_What is expected_
Beginning at the line that contains "this 1600×1200 image.", transcribe every line up to the last one in the material below. Include no other lines.

_Extracted material_
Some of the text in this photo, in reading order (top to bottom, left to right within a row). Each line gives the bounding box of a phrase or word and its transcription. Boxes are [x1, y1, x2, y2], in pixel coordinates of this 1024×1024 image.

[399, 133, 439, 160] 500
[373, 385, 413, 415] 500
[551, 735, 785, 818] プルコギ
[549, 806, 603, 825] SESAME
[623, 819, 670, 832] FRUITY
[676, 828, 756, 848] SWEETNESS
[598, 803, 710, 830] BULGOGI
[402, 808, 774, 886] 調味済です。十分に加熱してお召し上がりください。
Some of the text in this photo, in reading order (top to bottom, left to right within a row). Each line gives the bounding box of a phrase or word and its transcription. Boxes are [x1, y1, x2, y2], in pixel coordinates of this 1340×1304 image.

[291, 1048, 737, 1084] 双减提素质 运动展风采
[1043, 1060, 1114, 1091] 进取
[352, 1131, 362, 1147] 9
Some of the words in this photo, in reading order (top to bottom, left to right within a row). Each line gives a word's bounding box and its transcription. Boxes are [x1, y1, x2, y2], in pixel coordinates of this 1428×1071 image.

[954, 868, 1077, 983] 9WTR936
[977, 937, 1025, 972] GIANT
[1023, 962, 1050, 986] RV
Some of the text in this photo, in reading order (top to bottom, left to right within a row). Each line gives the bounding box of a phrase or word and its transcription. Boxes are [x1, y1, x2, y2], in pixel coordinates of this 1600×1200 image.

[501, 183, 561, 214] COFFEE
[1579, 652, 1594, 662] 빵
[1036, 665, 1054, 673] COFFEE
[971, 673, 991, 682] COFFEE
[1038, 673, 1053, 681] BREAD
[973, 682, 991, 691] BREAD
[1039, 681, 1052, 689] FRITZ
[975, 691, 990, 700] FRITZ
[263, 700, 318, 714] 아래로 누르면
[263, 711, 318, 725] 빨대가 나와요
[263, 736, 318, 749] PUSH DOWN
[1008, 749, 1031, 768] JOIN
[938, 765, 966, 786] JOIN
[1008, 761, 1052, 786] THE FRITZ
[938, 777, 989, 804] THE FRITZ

_Written answer_
Some of the text in this photo, in reading order (top to bottom, left to right within a row). Each line gives the bounding box of a phrase or word and its transcription. Boxes are [x1, y1, x2, y2], in pixel coordinates of this 1600×1200 image.

[501, 183, 561, 214] COFFEE
[1579, 652, 1594, 662] 빵
[1036, 665, 1054, 673] COFFEE
[971, 673, 991, 682] COFFEE
[1038, 673, 1053, 681] BREAD
[973, 682, 991, 691] BREAD
[1039, 681, 1052, 689] FRITZ
[975, 691, 990, 700] FRITZ
[263, 700, 318, 714] 아래로 누르면
[263, 711, 318, 725] 빨대가 나와요
[263, 736, 318, 749] PUSH DOWN
[1008, 749, 1031, 768] JOIN
[938, 765, 966, 786] JOIN
[1008, 761, 1052, 786] THE FRITZ
[938, 777, 989, 804] THE FRITZ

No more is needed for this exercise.